At the same time, Huhtinen reminds that a certain kind of critical attitude is important, because an ordinary citizen cannot be sure of what kind of connections the think tank has, for example due to its financial arrangements.

Huhtinen urges people interested in war events to follow as many sources as possible. You should not rely on the information of an individual think tank, even if it is a traditional operator.

For example, in the war in Ukraine, it is important to also monitor Russian think tanks and try to filter out potentially relevant information about the Russian invasion through state propaganda.

Can the information conveyed by ISW, highlighting Ukraine’s successes, be called Western propaganda, as Robert Wright did in his article? According to Huhtinen, there is nothing wrong with the term propaganda itself, when you take into account the differences in different forms of propaganda.

“There is white, gray and black propaganda. White propaganda is the kind that doesn’t lie about events, but limits and excludes the treatment of certain topics.”

Huhtinen speaks of confirmation biaswhich will appear in the Ukraine analyses.

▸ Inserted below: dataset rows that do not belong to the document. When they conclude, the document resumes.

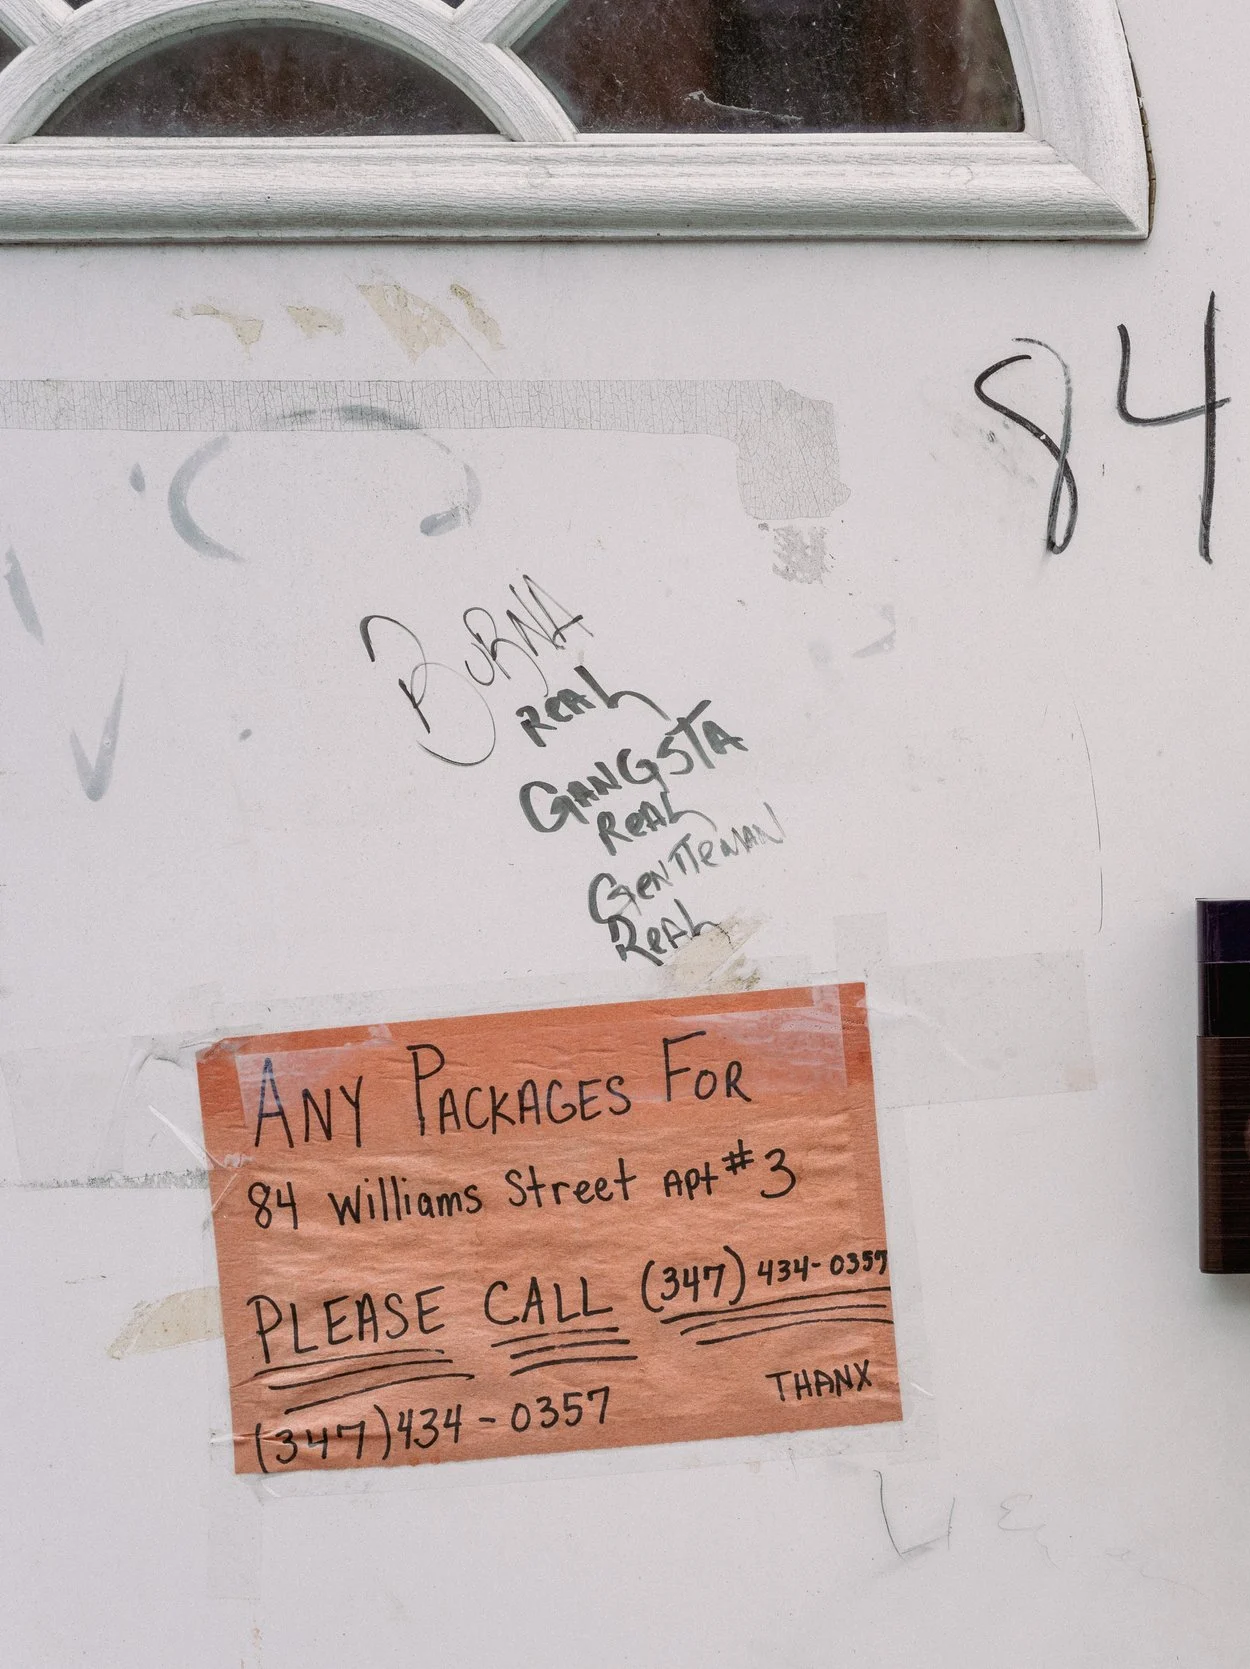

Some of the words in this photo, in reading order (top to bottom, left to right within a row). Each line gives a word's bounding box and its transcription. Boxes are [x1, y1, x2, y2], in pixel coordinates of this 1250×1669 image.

[974, 290, 1231, 564] 84
[519, 700, 749, 832] GANGSTA
[254, 1058, 364, 1148] ANY
[407, 1043, 632, 1136] PACKAGES
[662, 1031, 752, 1102] FOR
[247, 1181, 298, 1230] 84
[504, 1157, 637, 1208] Street
[247, 1286, 446, 1364] PLEASE
[484, 1276, 613, 1326] CALL
[765, 1359, 873, 1402] THANX
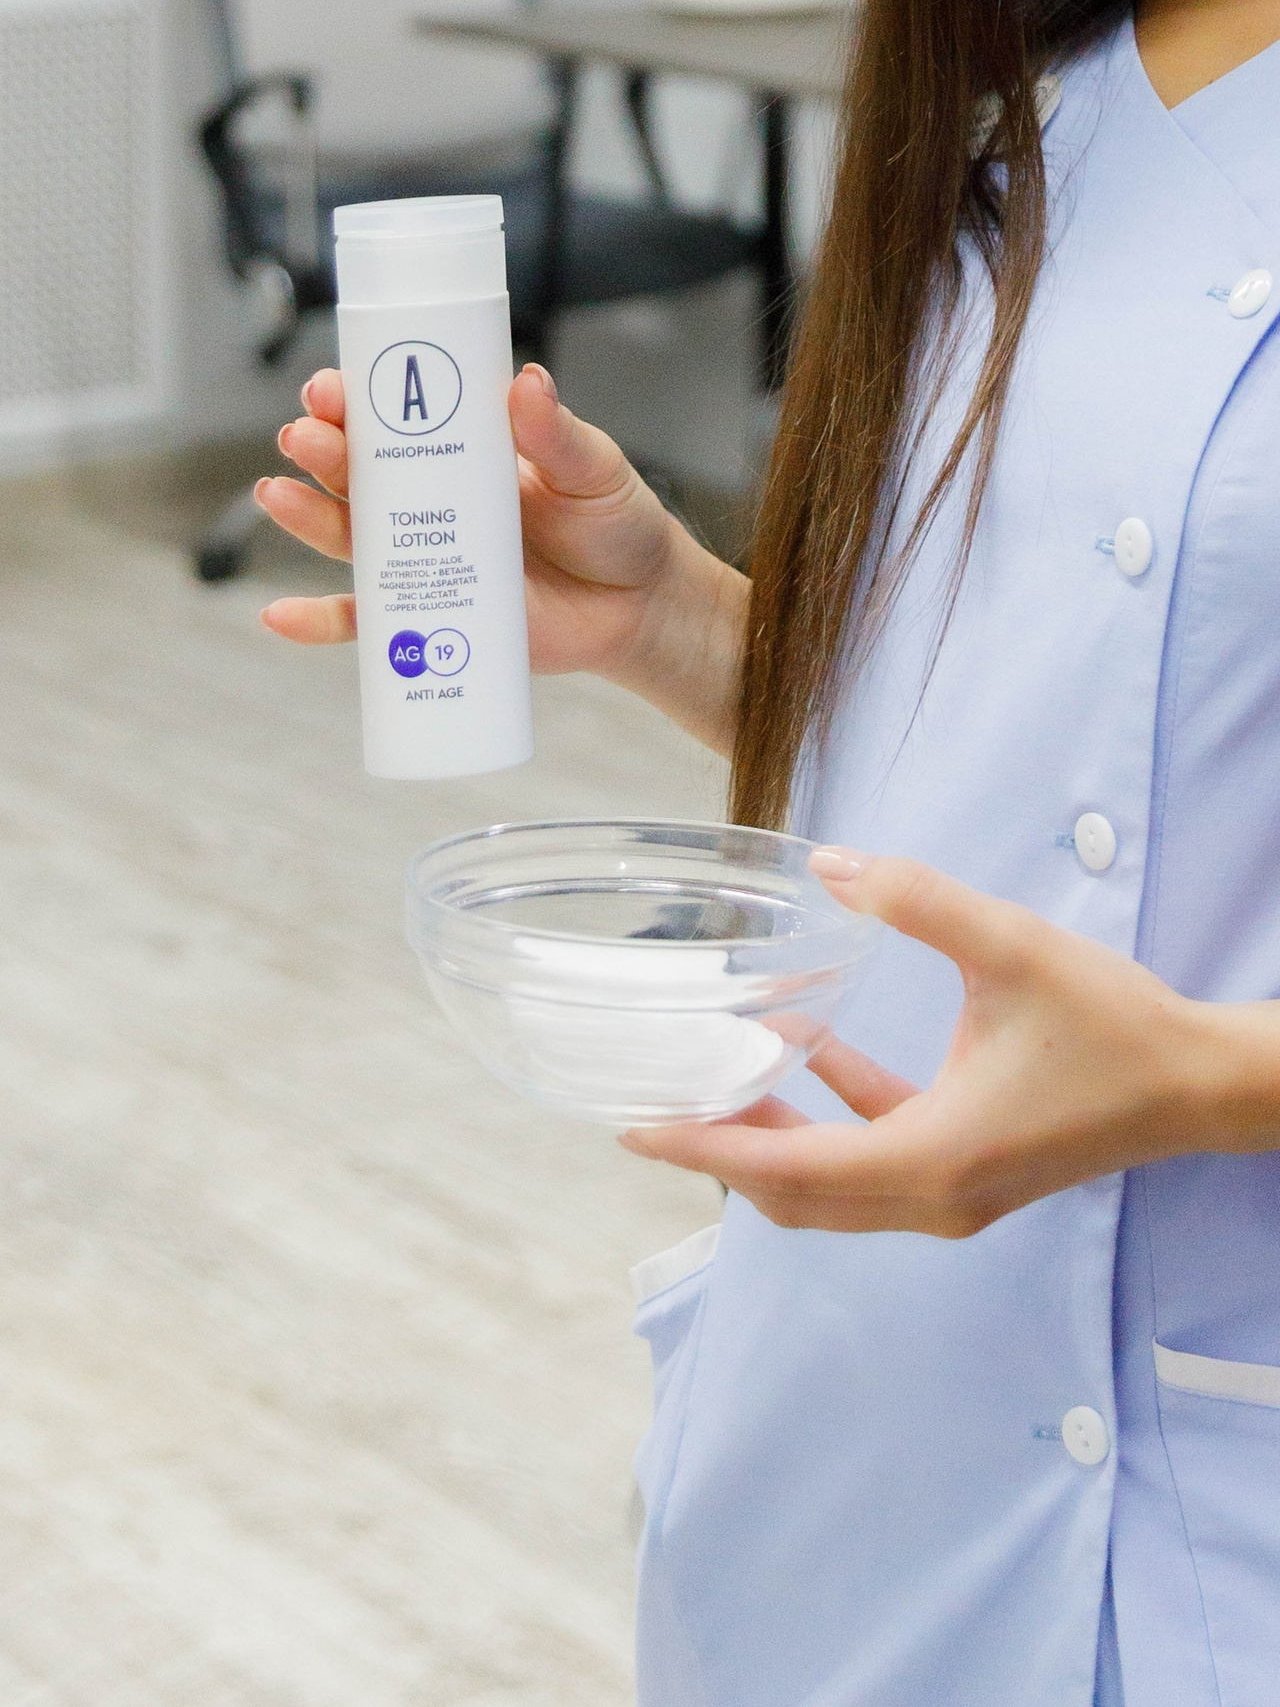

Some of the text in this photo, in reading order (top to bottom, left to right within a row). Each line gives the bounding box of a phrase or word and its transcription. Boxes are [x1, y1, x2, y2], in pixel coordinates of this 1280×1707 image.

[402, 354, 429, 422] A
[374, 441, 465, 459] ANGIOPHARM
[389, 508, 457, 526] TONING
[392, 529, 456, 548] LOTION
[387, 555, 464, 568] FERMENTED ALOE
[380, 565, 475, 579] ERYTHRITOL BETAINE
[379, 576, 479, 590] MAGNESIUM ASPARTATE
[397, 589, 459, 601] ZINC LACTATE
[384, 598, 475, 612] COPPER GLUCONATE
[394, 644, 455, 663] AG 19
[405, 686, 465, 701] ANTI AGE

“In the case of the war in Ukraine, a clear confirmation bias can be seen from both think tanks and the media. Western countries support Ukraine and hope that Ukraine will win the war. It can be seen in the fact that Russia’s actions and failures are reported very sensitively, while we have very little information about Ukraine’s actions other than victories,” says Huhtinen.

“For these reasons, the analyzes seem to confirm the information that we hope will prove to be correct. In no way does this mean that the information presented is wrong.”